Assigned task
Restate every record exactly as it is written, while omitting the pictures it holds.

Data under study
Segment Open
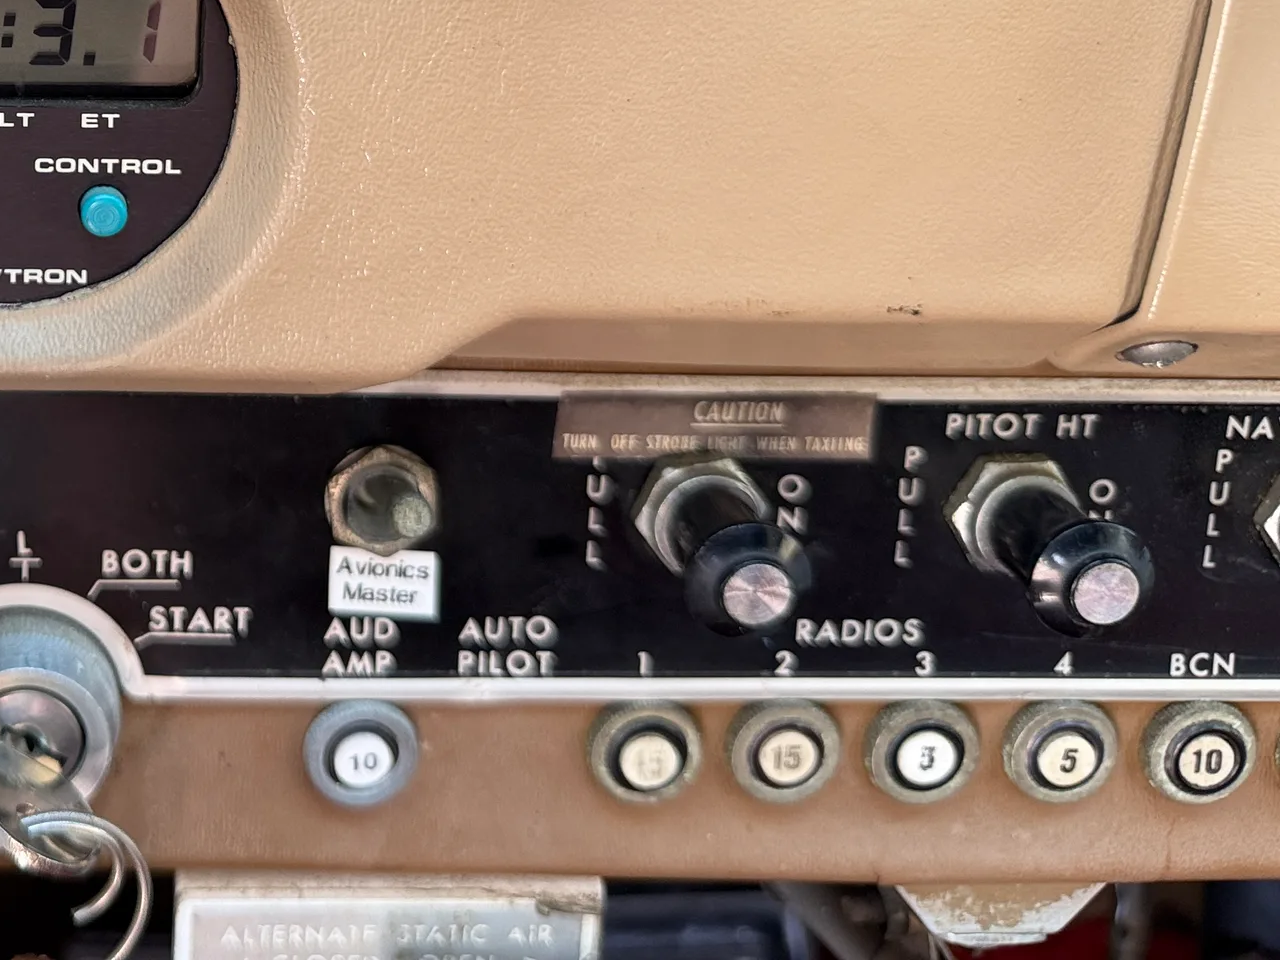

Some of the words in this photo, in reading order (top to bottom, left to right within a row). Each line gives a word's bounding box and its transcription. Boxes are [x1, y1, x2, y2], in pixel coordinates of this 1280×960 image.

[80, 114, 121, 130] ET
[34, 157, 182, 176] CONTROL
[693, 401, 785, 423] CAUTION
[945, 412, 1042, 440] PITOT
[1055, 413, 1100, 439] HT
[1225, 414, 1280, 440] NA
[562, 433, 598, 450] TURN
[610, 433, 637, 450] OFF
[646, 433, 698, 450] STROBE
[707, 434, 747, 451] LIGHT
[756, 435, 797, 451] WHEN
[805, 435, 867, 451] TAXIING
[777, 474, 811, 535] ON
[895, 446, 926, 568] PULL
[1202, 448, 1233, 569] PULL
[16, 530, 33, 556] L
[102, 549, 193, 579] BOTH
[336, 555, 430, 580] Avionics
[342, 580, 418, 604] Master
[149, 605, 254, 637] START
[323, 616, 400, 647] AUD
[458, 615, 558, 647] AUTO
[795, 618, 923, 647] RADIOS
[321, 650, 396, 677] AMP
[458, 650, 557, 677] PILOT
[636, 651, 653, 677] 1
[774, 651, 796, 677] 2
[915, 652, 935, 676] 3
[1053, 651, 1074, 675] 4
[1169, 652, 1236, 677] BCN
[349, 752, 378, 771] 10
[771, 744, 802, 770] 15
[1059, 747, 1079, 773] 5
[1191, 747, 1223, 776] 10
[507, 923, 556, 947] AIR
Segment Closed
Response area
Some of the words in this photo, in reading order (top to bottom, left to right within a row). Each line gives a word's bounding box and its transcription. Boxes are [x1, y1, x2, y2], in pixel coordinates of this 1280×960 image.

[80, 114, 121, 130] ET
[34, 157, 182, 176] CONTROL
[693, 401, 785, 423] CAUTION
[945, 412, 1042, 440] PITOT
[1055, 413, 1100, 439] HT
[1225, 414, 1280, 440] NA
[562, 433, 598, 450] TURN
[610, 433, 637, 450] OFF
[646, 433, 698, 450] STROBE
[707, 434, 747, 451] LIGHT
[756, 435, 797, 451] WHEN
[805, 435, 867, 451] TAXIING
[777, 474, 811, 535] ON
[895, 446, 926, 568] PULL
[1202, 448, 1233, 569] PULL
[16, 530, 33, 556] L
[102, 549, 193, 579] BOTH
[336, 555, 430, 580] Avionics
[342, 580, 418, 604] Master
[149, 605, 254, 637] START
[323, 616, 400, 647] AUD
[458, 615, 558, 647] AUTO
[795, 618, 923, 647] RADIOS
[321, 650, 396, 677] AMP
[458, 650, 557, 677] PILOT
[636, 651, 653, 677] 1
[774, 651, 796, 677] 2
[915, 652, 935, 676] 3
[1053, 651, 1074, 675] 4
[1169, 652, 1236, 677] BCN
[349, 752, 378, 771] 10
[771, 744, 802, 770] 15
[1059, 747, 1079, 773] 5
[1191, 747, 1223, 776] 10
[507, 923, 556, 947] AIR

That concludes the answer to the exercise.